Only one back-bench Conservative, the MP for Newcastle-under-Lyme, Aaron Bell, seemed to grasp this new reality, asking the Prime Minister to call on the public to take heart from the good news and redouble their efforts to slow the spread of the disease until the new vaccines are rolled out.

The advances in the treatment of coronavirus are a product of two things. First, the generous financial support for emergency vaccination research programmes provided by global governments, for which Johnson can take some credit. Then there is the long-term support for research by successive British governments, for which he cannot (though Johnson can highlight the work of previous Conservative administrations in this area).

Past governments have claimed credit on more specious grounds than these for things that happened on their watch – the global fall in oil prices had nothing to do with David Cameron, yet he was happy to bask in the support of happy motorists in 2015. It is surprising that few ministers are doing the same now. Many back-bench MPs don’t appear even to have noticed the new vaccines.
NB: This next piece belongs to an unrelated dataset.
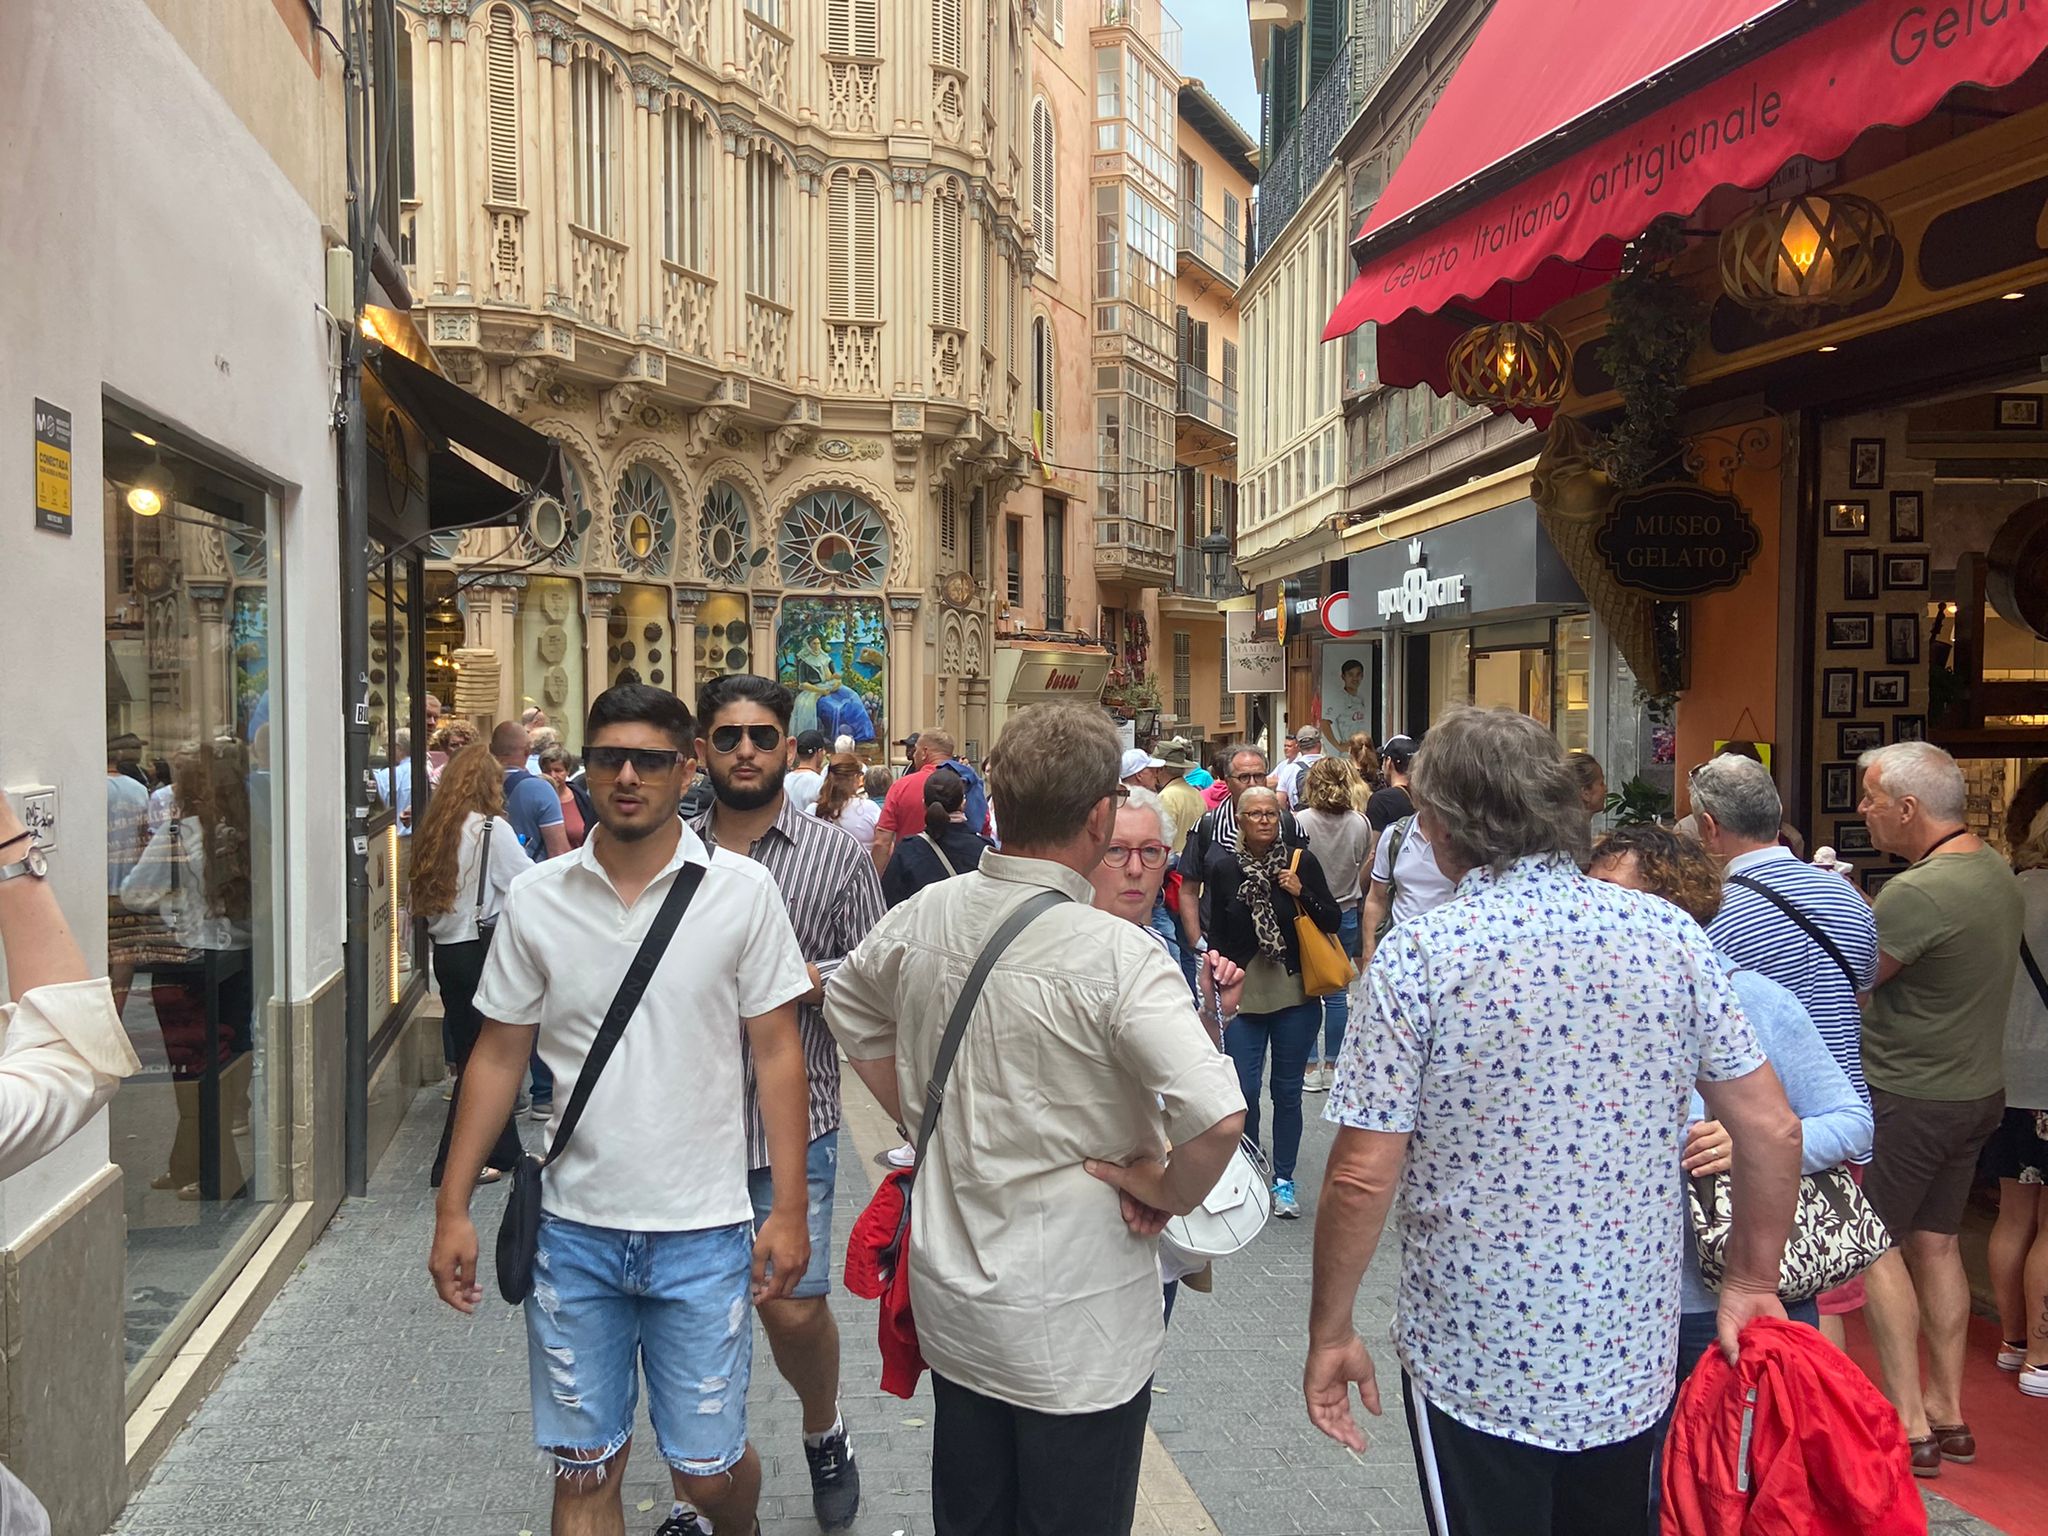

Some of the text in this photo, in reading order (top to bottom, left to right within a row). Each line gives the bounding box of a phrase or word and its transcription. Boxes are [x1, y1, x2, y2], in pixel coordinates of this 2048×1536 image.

This is a victory that feels like defeat for opponents of lockdowns within the government. They favoured an approach that has been rendered foolish by the scientific breakthroughs. Many cabinet ministers had privately convinced themselves that a vaccine would never arrive and that the pandemic was the beginning of a new and prolonged era rather than a temporary interruption. Hancock, one of the few to remain steadfast in his belief that a vaccine would emerge, had become an object of derision among many ministers.

[see also: Boris Johnson has been given the “reset” opportunity he wanted]
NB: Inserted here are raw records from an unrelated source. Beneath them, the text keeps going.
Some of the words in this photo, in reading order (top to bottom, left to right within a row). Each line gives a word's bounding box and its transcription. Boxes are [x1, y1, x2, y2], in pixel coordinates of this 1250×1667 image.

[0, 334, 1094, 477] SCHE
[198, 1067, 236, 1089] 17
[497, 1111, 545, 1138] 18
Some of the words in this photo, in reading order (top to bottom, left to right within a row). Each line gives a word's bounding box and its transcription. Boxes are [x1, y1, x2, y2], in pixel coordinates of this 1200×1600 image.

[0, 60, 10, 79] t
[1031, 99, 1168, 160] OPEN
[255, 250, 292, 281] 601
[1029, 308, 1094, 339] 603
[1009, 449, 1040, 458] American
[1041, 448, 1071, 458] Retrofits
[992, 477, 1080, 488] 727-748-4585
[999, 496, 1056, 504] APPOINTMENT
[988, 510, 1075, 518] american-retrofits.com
Ironically, while the Health Secretary has become a figure of fun and Rishi Sunak continues to enjoy high approval ratings, it is the latter whose diagnosis of the crisis has been discredited. Chancellor Sunak wanted the government to take a much looser approach to lockdown and to begin winnowing down economic support packages: an approach that has now been made redundant by the vaccines.

The government’s mood is not victorious, partly because for many ministers declaring victory would mean adopting a Covid strategy that looks very different from the arguments they were making in public – let alone the yet harsher ones they were making in private.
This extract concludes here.